My mum, Glenys, died a year ago today. It was not unexpected. She’d lived with dementia for more than twenty years, survived several near-death episodes, and had remarkable strength of spirit that kept her going, but this time she was irredeemably frail and had finally stopped eating before Christmas. For more than two weeks I kept vigil at her bedside; it was clear she would not see much, if any, of 2020. Given the subsequent traumas of the pandemic, I’m thankful she did not and we were able to have those precious last days together.
So I’d had many years to prepare, practically and emotionally. I’d already done so much of my grieving. But when the time came to write her eulogy, it was a challenge. Not the writing itself - as a professional scriptwriter, it’s been my job to condense vast swathes of narrative into a pithy broadcast slot, to weave multiple story strands and themes with a broad canvas of characters. But this was my mum. How could I do justice to her 93 years of life – nearly half before I was born – and honour the person she was, beneath the dementia that had eroded her own memory of herself?
Student days in Bangor: mum, right |
A person’s life in action is a kaleidoscope of experience, feeling, and collective memory, drawn together from fragments of many sources. It evolves over time, with the addition of new colours and textures, the view constantly shifting. Now there was only one source – me - and that kaleidoscope had crystallised somewhere in the early 2000s, when mum was last “herself” and properly knew me as her daughter.
Mum showed an early promise for singing, and began to train from childhood, when a neighbour, who happened to be a music teacher, heard her singing in the hallway. She quickly began to win prizes, including an engagement to sing on the BBC radio programme, Children’s Hour. The song she sang was ‘The Trout’ ('Die Forelle') by Schubert, which stayed in her repertoire when she became a professional; I used it in my radio play, The Things We Never Said.
After Chorley Grammar School, she was all set to go the Royal Manchester College of Music, where she’d already been a part-time student, but it was during WW2, and her parents were worried she’d be called up into the services. Her father was a teacher (a reserved occupation), so she was encouraged to follow in his footsteps, training at St Mary’s College, Bangor, in North Wales, with relatives nearby.
It was while she was appearing in a concert in Oxford that she met my father, Wai Kwong Ho. Born in Shanghai, he had come to the UK to study nuclear engineering at Imperial College, London University, and was at that time working at Harwell atomic research centre, near Oxford. He and mum found themselves staying in the same boarding house, and the rest is history!
Just before my eighth birthday (a time of power cuts and three-day weeks), we moved to Cheltenham in Gloucestershire, where the Central Electricity Generating Board, for whom dad worked, was opening a new headquarters. From that time to her retirement in 1990, mum taught at a local primary school and I accompanied her there for the first three years.
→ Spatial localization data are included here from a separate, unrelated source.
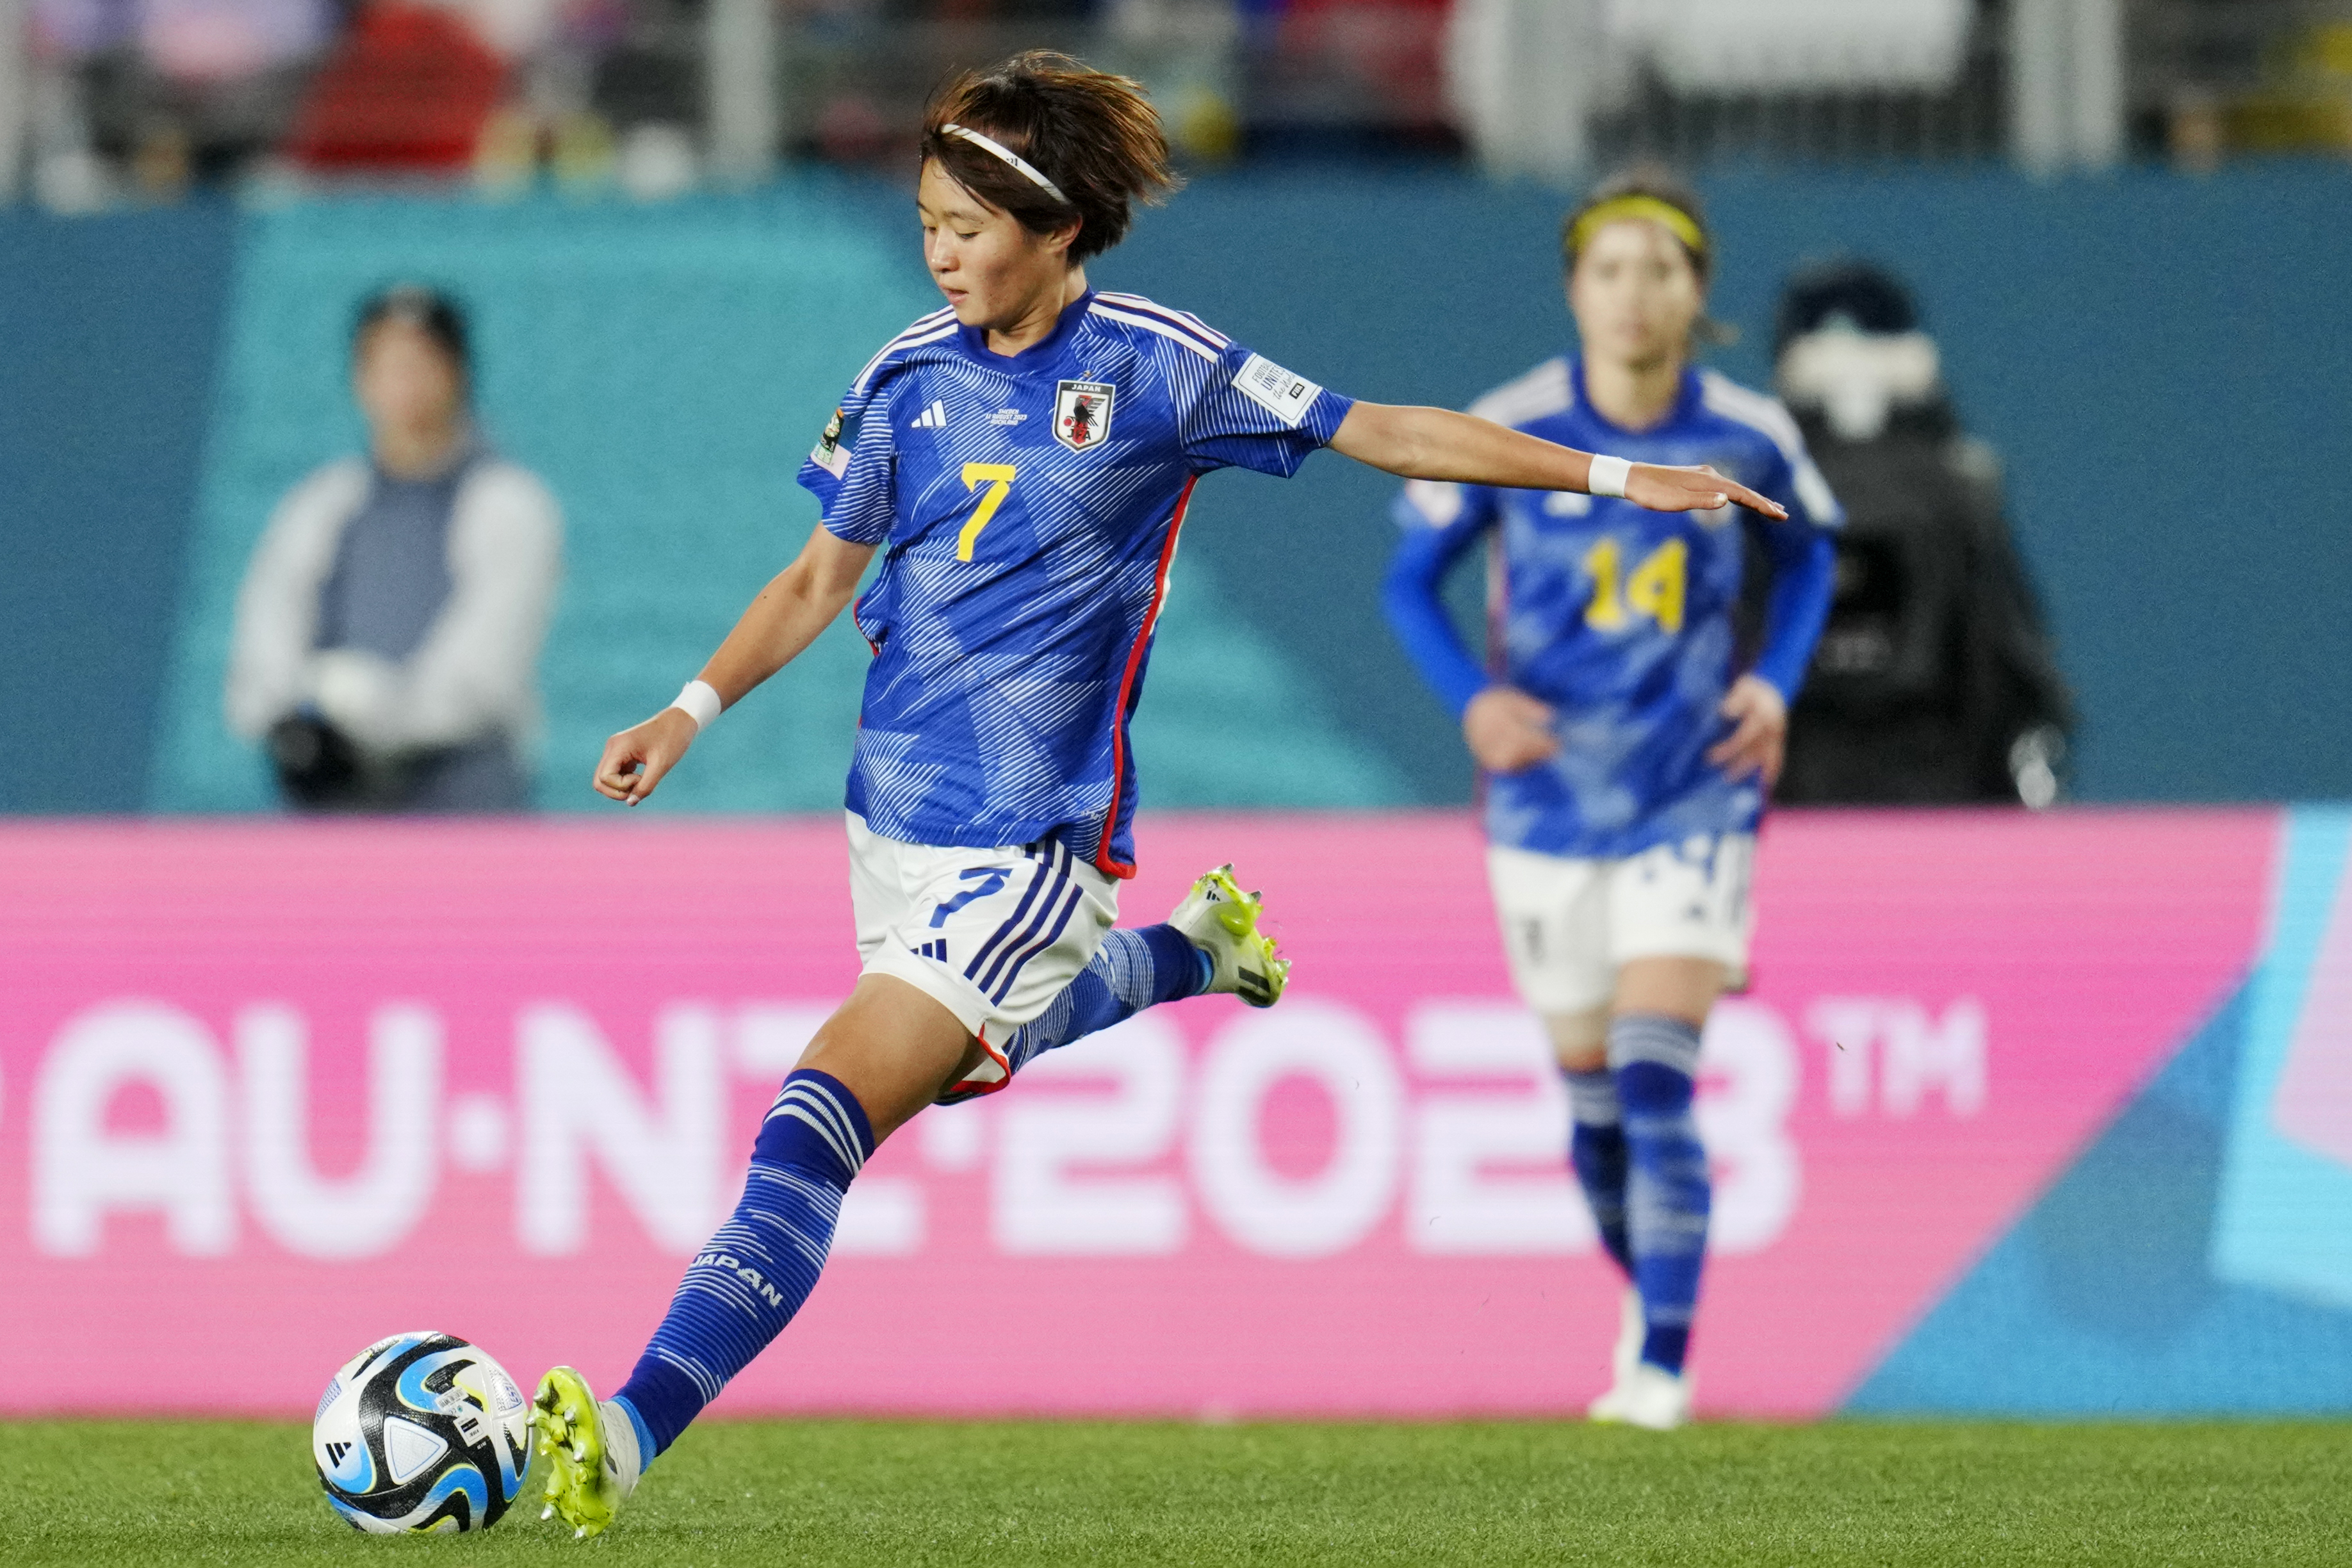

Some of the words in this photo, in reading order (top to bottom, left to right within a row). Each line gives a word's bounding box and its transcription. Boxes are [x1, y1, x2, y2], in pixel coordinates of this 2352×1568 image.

[1072, 384, 1101, 392] JAPAN
[1261, 364, 1286, 391] UNITES
[1291, 383, 1303, 397] FIFA
[961, 463, 1017, 562] 7
[1583, 536, 1690, 634] 14
[929, 867, 1013, 928] 7
[689, 1254, 783, 1307] JAPAN
Anyone who knew her in those days would recall her warmth, generosity, kindness, and sense of fun. If she saw the ice cream van stopping outside the school, she would go out and buy ice creams for her whole class. The Christmas stockings she made with the kids, and filled with treats, became a much-loved tradition. One year she sent me out to buy the stocking-fillers, including jumping beans that were a fad in those days. I had a terrible time trying to count them out in the shop, because as soon as my hand was getting full, they would all jump out! (We couldn’t use them anyway, as it turned out, because they looked too much like antibiotics – a choking risk…)
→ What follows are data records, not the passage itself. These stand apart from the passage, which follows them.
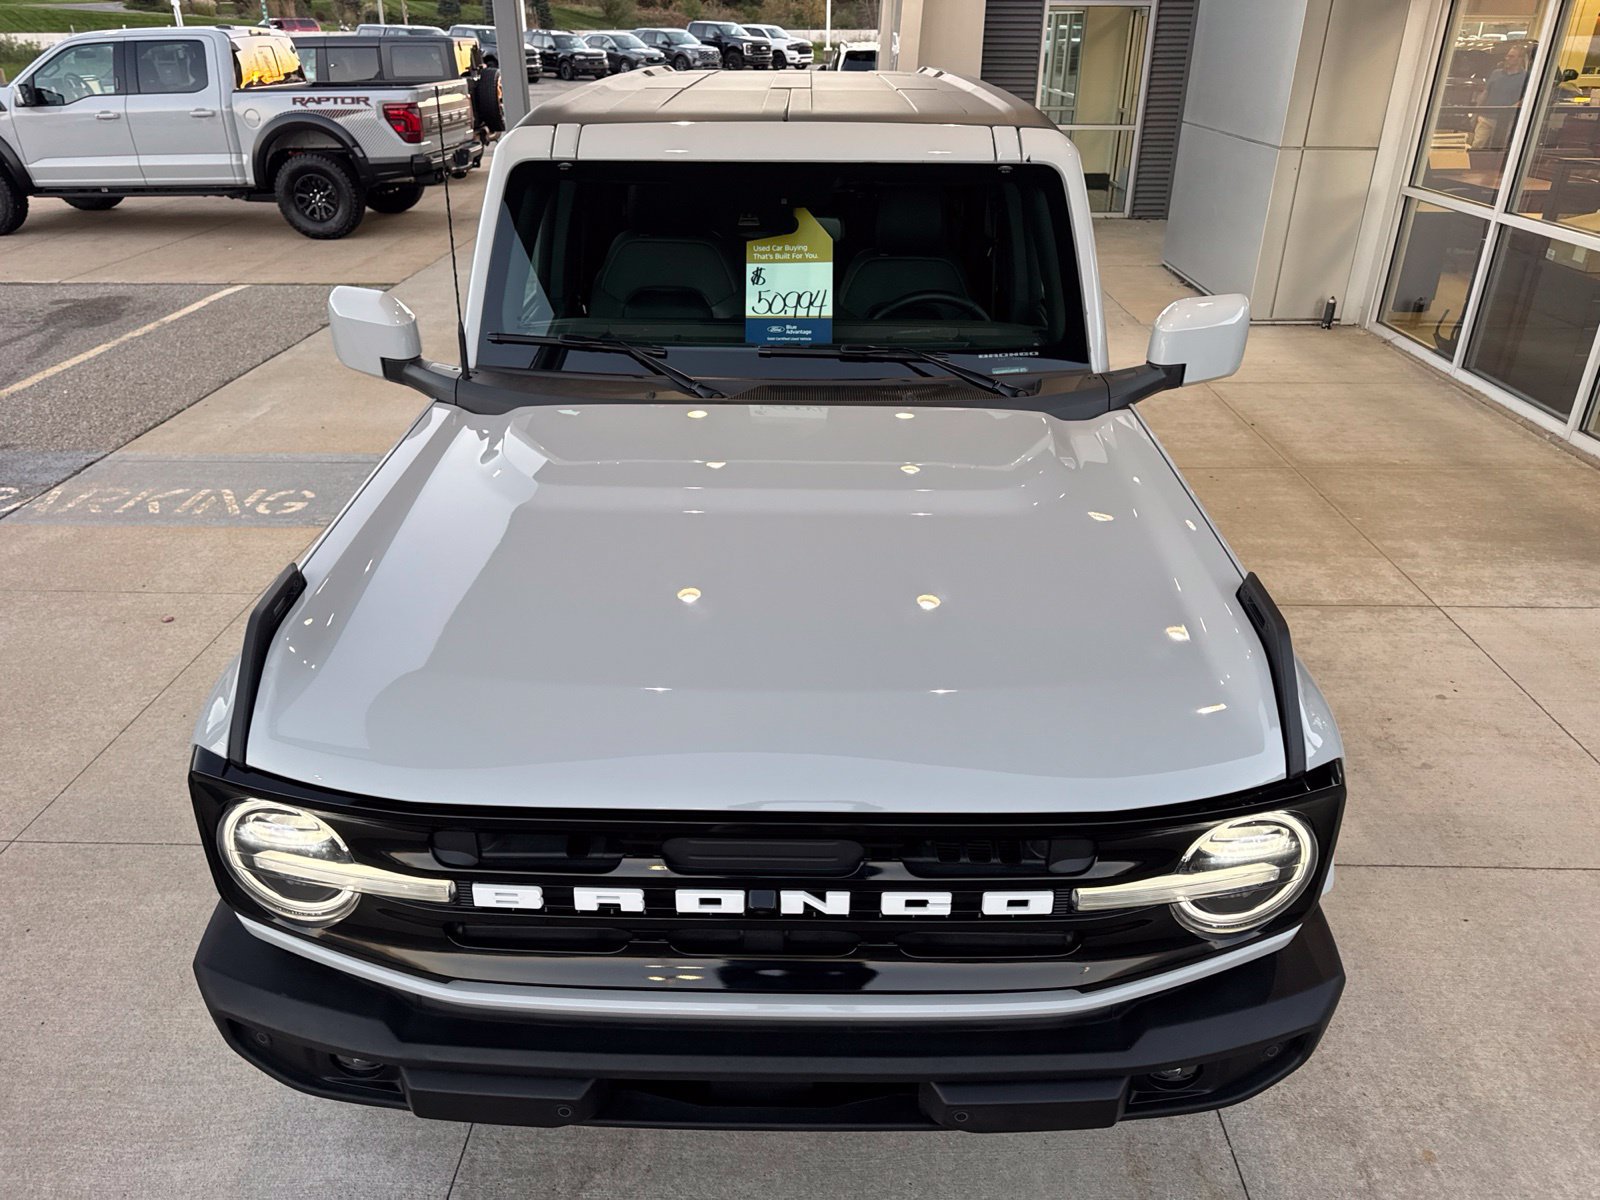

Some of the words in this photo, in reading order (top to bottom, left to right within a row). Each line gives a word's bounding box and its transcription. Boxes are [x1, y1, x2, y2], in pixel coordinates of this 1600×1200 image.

[292, 96, 373, 108] RAPTOR
[751, 267, 766, 286] $
[978, 351, 1038, 359] BRONCO
[472, 884, 1054, 916] BRONCO
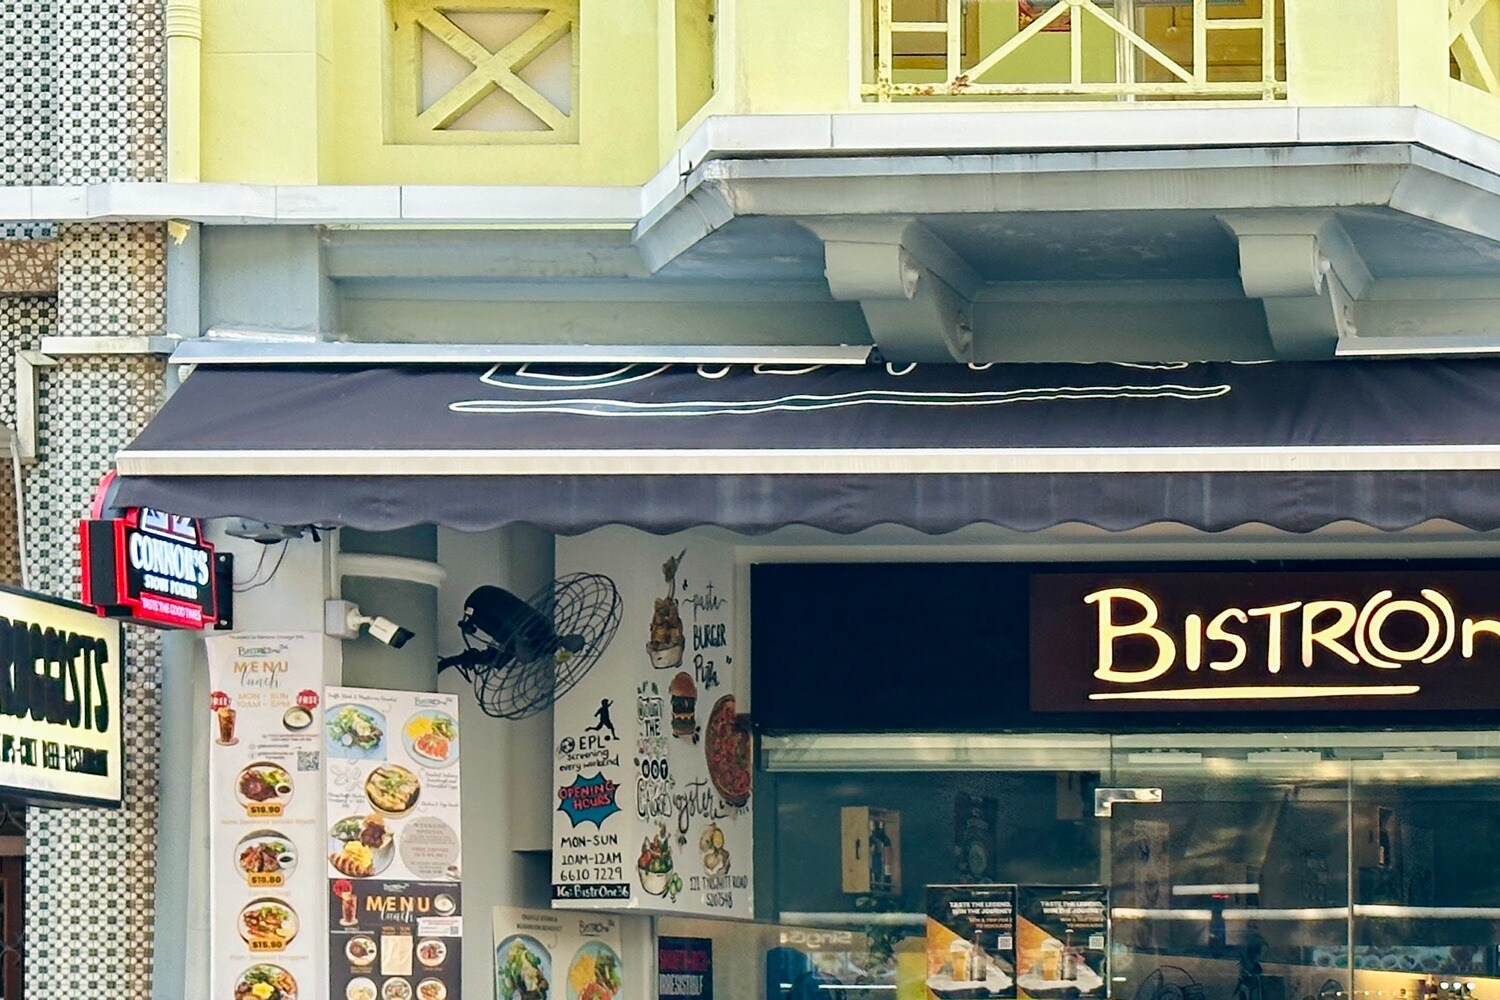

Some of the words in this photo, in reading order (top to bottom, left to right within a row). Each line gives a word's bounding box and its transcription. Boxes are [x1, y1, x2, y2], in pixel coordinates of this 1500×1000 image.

My beloved dad, Wai, died of cancer at the age of only fifty-two, nine months after diagnosis, when I was in my final year at university, leaving mum widowed just before retirement and in the year that I left home. With hindsight, I believe that shock was the trigger for her earliest symptoms of dementia, heralding decades of escalating trauma that heartbreakingly took her memories, affected her personality, and ultimately made strangers of us.
Sadly, she did lose some friends over the years, because of her condition; but others proved touchingly loyal and have kept in contact with me to the last. In her latter years, I was immensely grateful for the kindness and dedication of staff who looked after her in two care homes; we could not have managed without them. Given mum’s great age when she died and her many years away from the outside world, I feared her funeral would be sparsely attended, but was moved to see many of her old friends and carers there – and to know that I was not the only person to remember her.